In support of its position, Hunnicutt relies primarily on Blalak v. Mid Valley Transp., Inc., 175 Ariz. 538, 858 P.2d 683 (App.1993). In that case, Division One of this court held that "A.R.S. § 33-412(A) does not, standing alone, affect the validity of unrecorded equitable liens as against creditors or purchasers for value without notice of the liens." Id. at 541, 858 P.2d at 686. That broad holding, however, went beyond the scope of the issue posed in the case, which was "whether the failure to record the existence of a beneficial interest in land held in trust, as provided by A.R.S. § 33-404, subjects that beneficial interest to a judgment lien obtained against the trustee." Id. at 539, 858 P.2d at 684. Thus, the court focused on "the enforceability of a judgment lien against trust property where the existence of the trust or the beneficiary has not been disclosed to the world," id. at 540, 858 P.2d at 685, and concluded that equitable liens "need not be recorded to prevail over judgment creditors of the actual titleholder." Id. at 541, 858 P.2d at 686. The court's statement that Arizona's "recording statutes have not required that an equitable interest in land be recorded to be valid against creditors or third party bona fide purchasers " was, in our view, overbroad and unnecessary for its decision. Id. at 541, 858 P.2d at 686 (emphasis supplied).
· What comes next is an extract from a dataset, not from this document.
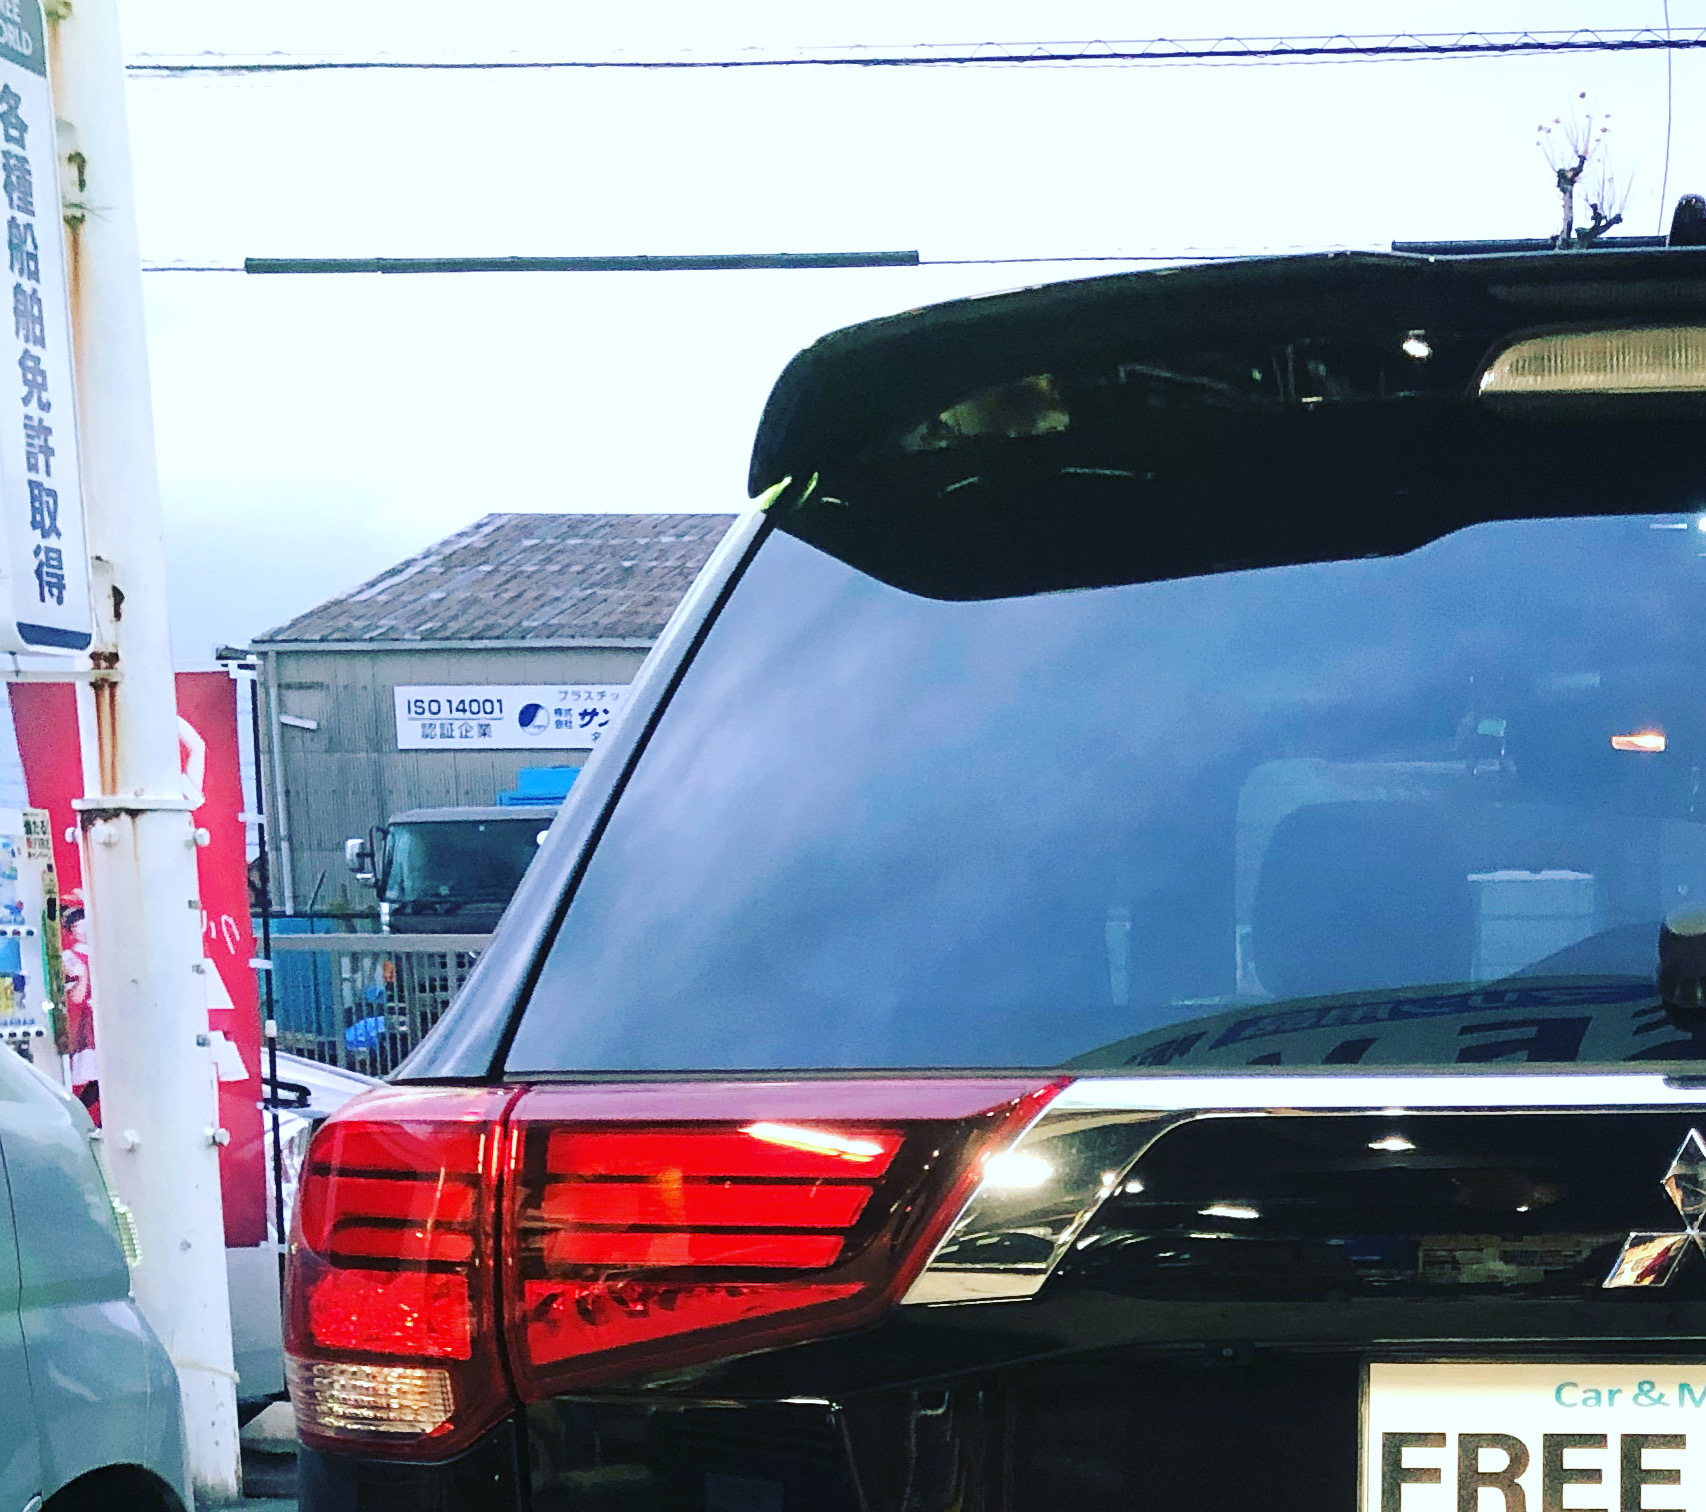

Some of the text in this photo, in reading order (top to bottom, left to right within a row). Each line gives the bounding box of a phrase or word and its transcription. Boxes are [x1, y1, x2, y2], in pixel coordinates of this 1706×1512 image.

[0, 83, 67, 606] 各種船舶免許取得
[1555, 1380, 1622, 1409] Car
[1631, 1379, 1670, 1408] &
Regardless of what may or may not be dicta in Blalak, however, that case is distinguishable. First, and perhaps most importantly, Blalak and Arizona cases cited therein did not involve mechanics' or materialmen's liens. Arizona's statutes governing such liens grant licensed contractors like Hunnicutt "a lien on such building, structure or improvement for the work or labor done or professional services, materials, ... [or] fixtures ... furnished," A.R.S. § 33-981(A). Such liens "are preferred to all liens, mortgages or other encumbrances upon the property attaching subsequent to the time the labor was commenced or the materials commenced to be furnished." A.R.S. § 33-992(A). See Scottsdale Memorial Health Systems, Inc. v. Clark, 157 Ariz. 461, 759 P.2d 607 (1988). "In order to impress and secure" a mechanics' or materialmen's lien, however, the contractor must timely record a notice and claim of lien with the county recorder's office. A.R.S. § 33-993(A); Irwin v. Murphey, 81 Ariz. 148, 155, 302 P.2d 534, 538 (1956). Hunnicutt concedes it did not record and perfect its lien as required.

We agree with the Trust that where a legal remedy such as a statutory lien exists, but has not been utilized, a claimant should not be permitted to substitute an equitable remedy. See Valley Drive-In Theatre Corp. v. Superior Court, 79 Ariz. 396, 400, 291 P.2d 213, 215 (1955) ("[W]hen a statute creates a right and also provides a complete and valid remedy for the right created, the remedy thereby given is exclusive."); Lewis v. Midway Lumber, Inc., 114 Ariz. 426, 432, 561 P.2d 750, 756 (App.1977). To rule otherwise would allow a contractor who fails to comply with the mechanics' or materialmen's lien statutes to nonetheless obtain and prioritize a lien.